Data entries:
▬▬▬

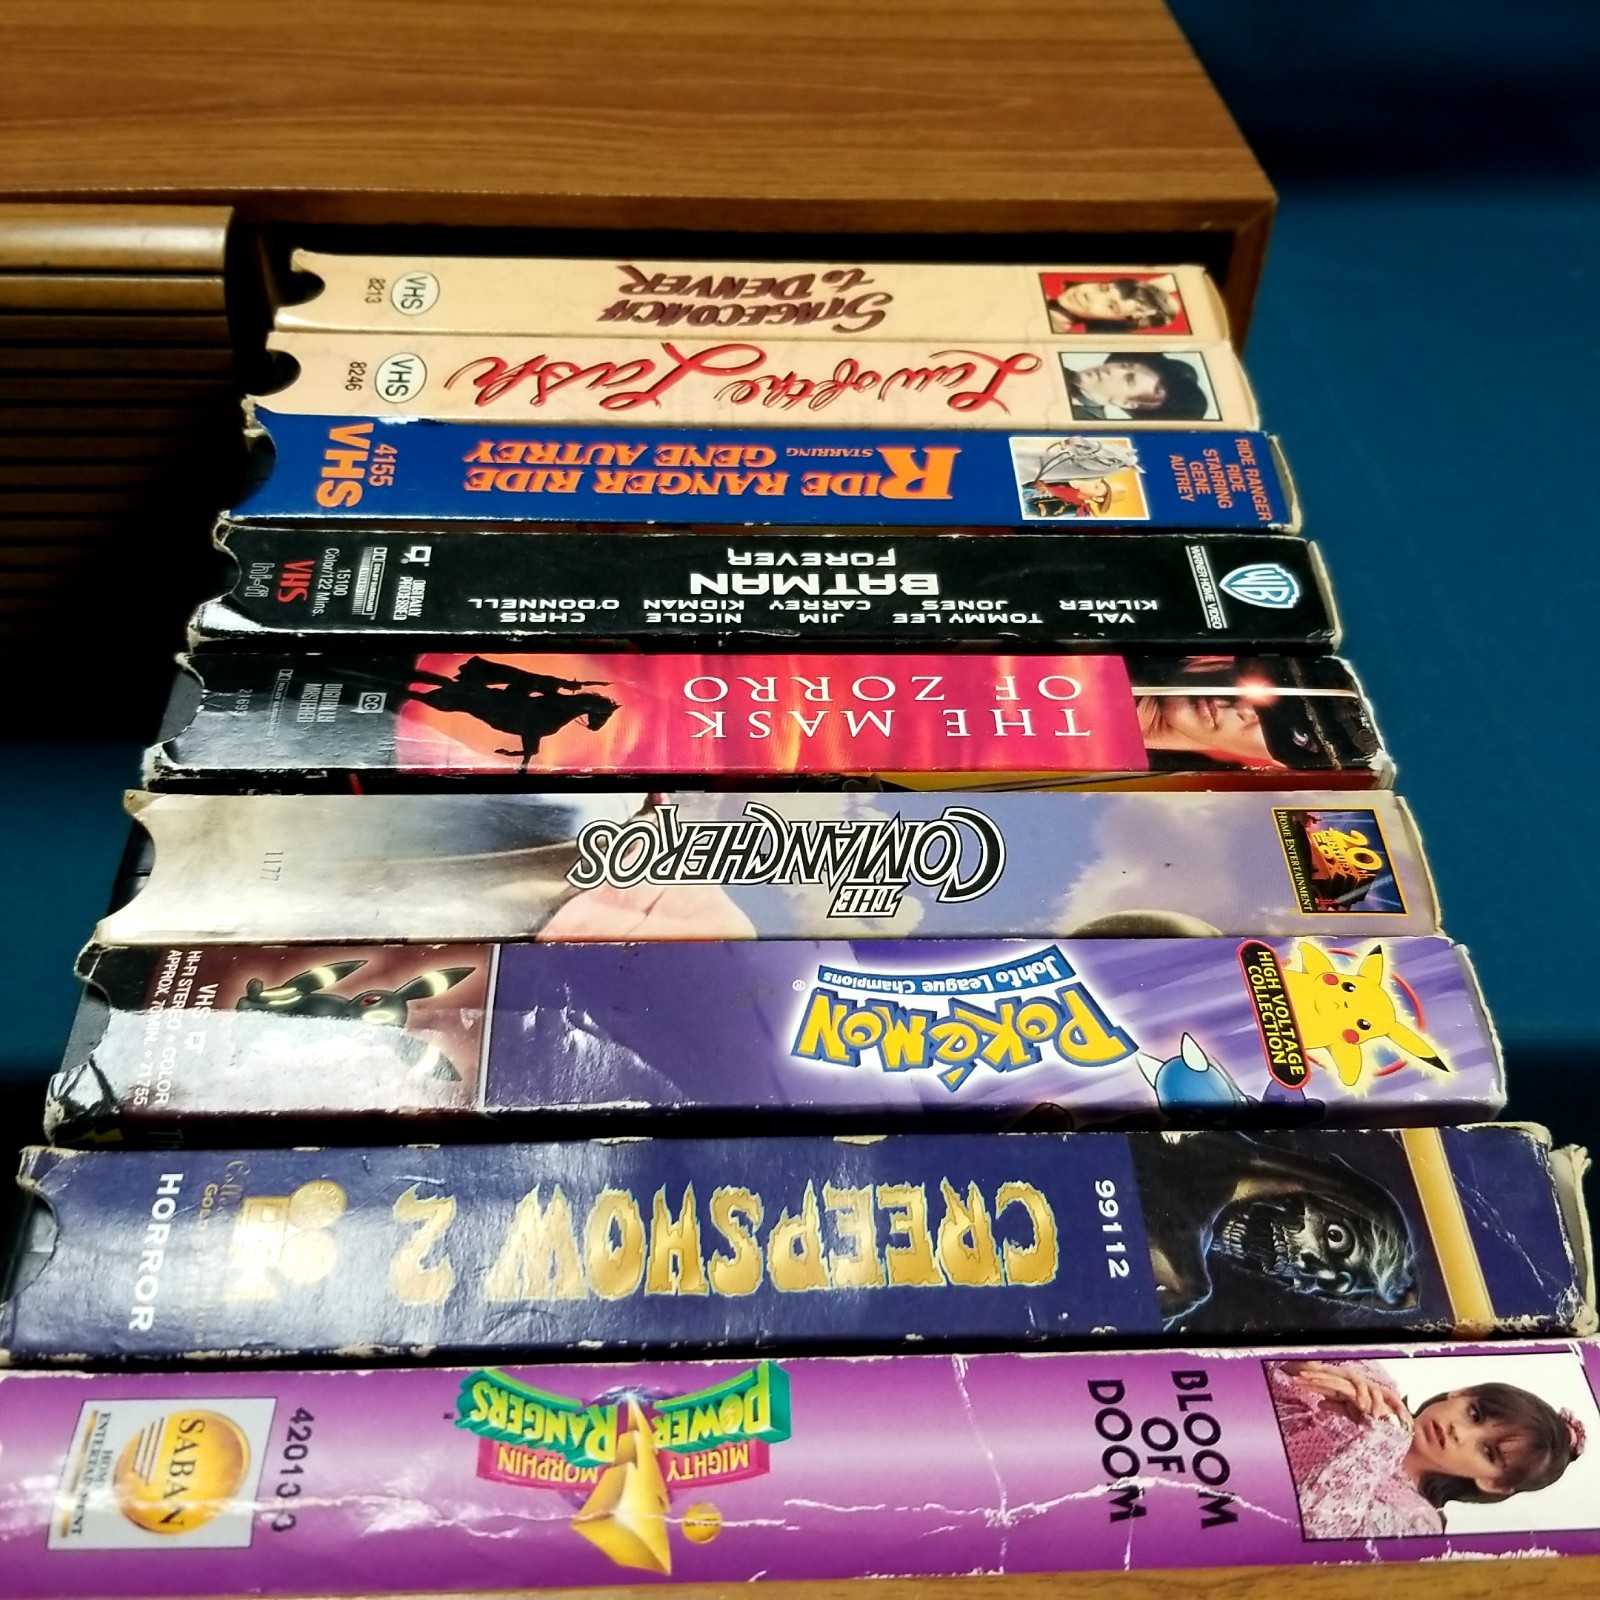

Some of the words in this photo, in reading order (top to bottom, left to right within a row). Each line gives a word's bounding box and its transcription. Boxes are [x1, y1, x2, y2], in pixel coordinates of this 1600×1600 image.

[365, 277, 385, 304] 8213
[400, 276, 429, 309] VHS
[616, 265, 817, 300] DENVER
[821, 268, 875, 292] to
[345, 361, 367, 391] 8246
[385, 358, 415, 397] VHS
[444, 342, 767, 411] Lash
[878, 350, 1042, 415] Law
[316, 422, 374, 508] VHS
[368, 443, 398, 487] 4155
[462, 440, 649, 466] AUTREY
[653, 444, 777, 468] GENE
[786, 447, 873, 458] STARRING
[1234, 438, 1256, 466] RIDE
[464, 466, 585, 493] RIDE
[592, 470, 790, 496] RANGER
[800, 445, 962, 500] RIDE
[1168, 455, 1195, 502] AUTREY
[1188, 461, 1212, 495] GENE
[1202, 448, 1234, 510] STARRING
[1225, 464, 1246, 492] RIDE
[1244, 468, 1274, 522] RANGER
[318, 547, 340, 591] Color/122
[727, 547, 896, 566] FOREVER
[244, 562, 275, 598] hi-fi
[277, 560, 316, 603] VHS
[333, 568, 352, 597] 15100
[355, 567, 370, 594] STEREO
[690, 573, 939, 596] BATMAN
[311, 591, 332, 617] Mins.
[392, 576, 413, 621] PROCESSED
[408, 579, 427, 618] DIGITALLY
[468, 598, 620, 610] O'DONNELL
[643, 599, 745, 611] KIDMAN
[769, 600, 871, 611] CARREY
[921, 600, 1009, 611] JONES
[1059, 600, 1158, 611] KILMER
[499, 612, 586, 623] CHRIS
[646, 612, 742, 624] NICOLE
[799, 613, 847, 624] JIM
[893, 613, 942, 624] LEE
[949, 613, 1044, 624] TOMMY
[1089, 613, 1135, 624] VAL
[1206, 602, 1223, 630] VIDEO
[316, 684, 343, 723] DIGITALLY
[683, 676, 945, 702] ZORRO
[996, 675, 1082, 701] OF
[685, 710, 896, 738] MASK
[942, 708, 1091, 737] THE
[565, 800, 1007, 903] COMANCHEROS
[1276, 811, 1292, 837] HOME
[1285, 838, 1312, 911] ENTERTAINMENT
[826, 884, 906, 918] THE
[154, 949, 184, 997] APPROX.
[181, 950, 204, 977] HI-FI
[995, 955, 1057, 988] Johto
[822, 971, 917, 994] Champions
[922, 974, 994, 993] League
[166, 977, 194, 1030] STEREO
[191, 983, 219, 1020] VHS
[1247, 965, 1288, 1064] COLLECTION
[1257, 951, 1280, 990] HIGH
[1271, 995, 1305, 1076] VOLTAGE
[133, 1063, 154, 1107] 71755
[154, 1047, 177, 1105] COLOR
[389, 1182, 456, 1306] 2
[484, 1177, 1060, 1301] CREEPSHOW
[1095, 1179, 1131, 1279] 99112
[128, 1173, 184, 1332] HORROR
[653, 1360, 775, 1448] POWER
[472, 1381, 618, 1463] RANGERS
[1087, 1379, 1147, 1523] DOOM
[1141, 1417, 1186, 1473] OF
[1171, 1370, 1239, 1529] BLOOM
[94, 1449, 114, 1489] HOM
[158, 1417, 205, 1527] SABAN
[497, 1446, 598, 1484] MORPHIN
[666, 1444, 750, 1482] MIGHTY

▬▬▬

Print out each record exactly as shown, but keep the pictures out.

- **SOLUTION TO THIS PROBLEM**
Some of the words in this photo, in reading order (top to bottom, left to right within a row). Each line gives a word's bounding box and its transcription. Boxes are [x1, y1, x2, y2], in pixel coordinates of this 1600×1600 image.

[365, 277, 385, 304] 8213
[400, 276, 429, 309] VHS
[616, 265, 817, 300] DENVER
[821, 268, 875, 292] to
[345, 361, 367, 391] 8246
[385, 358, 415, 397] VHS
[444, 342, 767, 411] Lash
[878, 350, 1042, 415] Law
[316, 422, 374, 508] VHS
[368, 443, 398, 487] 4155
[462, 440, 649, 466] AUTREY
[653, 444, 777, 468] GENE
[786, 447, 873, 458] STARRING
[1234, 438, 1256, 466] RIDE
[464, 466, 585, 493] RIDE
[592, 470, 790, 496] RANGER
[800, 445, 962, 500] RIDE
[1168, 455, 1195, 502] AUTREY
[1188, 461, 1212, 495] GENE
[1202, 448, 1234, 510] STARRING
[1225, 464, 1246, 492] RIDE
[1244, 468, 1274, 522] RANGER
[318, 547, 340, 591] Color/122
[727, 547, 896, 566] FOREVER
[244, 562, 275, 598] hi-fi
[277, 560, 316, 603] VHS
[333, 568, 352, 597] 15100
[355, 567, 370, 594] STEREO
[690, 573, 939, 596] BATMAN
[311, 591, 332, 617] Mins.
[392, 576, 413, 621] PROCESSED
[408, 579, 427, 618] DIGITALLY
[468, 598, 620, 610] O'DONNELL
[643, 599, 745, 611] KIDMAN
[769, 600, 871, 611] CARREY
[921, 600, 1009, 611] JONES
[1059, 600, 1158, 611] KILMER
[499, 612, 586, 623] CHRIS
[646, 612, 742, 624] NICOLE
[799, 613, 847, 624] JIM
[893, 613, 942, 624] LEE
[949, 613, 1044, 624] TOMMY
[1089, 613, 1135, 624] VAL
[1206, 602, 1223, 630] VIDEO
[316, 684, 343, 723] DIGITALLY
[683, 676, 945, 702] ZORRO
[996, 675, 1082, 701] OF
[685, 710, 896, 738] MASK
[942, 708, 1091, 737] THE
[565, 800, 1007, 903] COMANCHEROS
[1276, 811, 1292, 837] HOME
[1285, 838, 1312, 911] ENTERTAINMENT
[826, 884, 906, 918] THE
[154, 949, 184, 997] APPROX.
[181, 950, 204, 977] HI-FI
[995, 955, 1057, 988] Johto
[822, 971, 917, 994] Champions
[922, 974, 994, 993] League
[166, 977, 194, 1030] STEREO
[191, 983, 219, 1020] VHS
[1247, 965, 1288, 1064] COLLECTION
[1257, 951, 1280, 990] HIGH
[1271, 995, 1305, 1076] VOLTAGE
[133, 1063, 154, 1107] 71755
[154, 1047, 177, 1105] COLOR
[389, 1182, 456, 1306] 2
[484, 1177, 1060, 1301] CREEPSHOW
[1095, 1179, 1131, 1279] 99112
[128, 1173, 184, 1332] HORROR
[653, 1360, 775, 1448] POWER
[472, 1381, 618, 1463] RANGERS
[1087, 1379, 1147, 1523] DOOM
[1141, 1417, 1186, 1473] OF
[1171, 1370, 1239, 1529] BLOOM
[94, 1449, 114, 1489] HOM
[158, 1417, 205, 1527] SABAN
[497, 1446, 598, 1484] MORPHIN
[666, 1444, 750, 1482] MIGHTY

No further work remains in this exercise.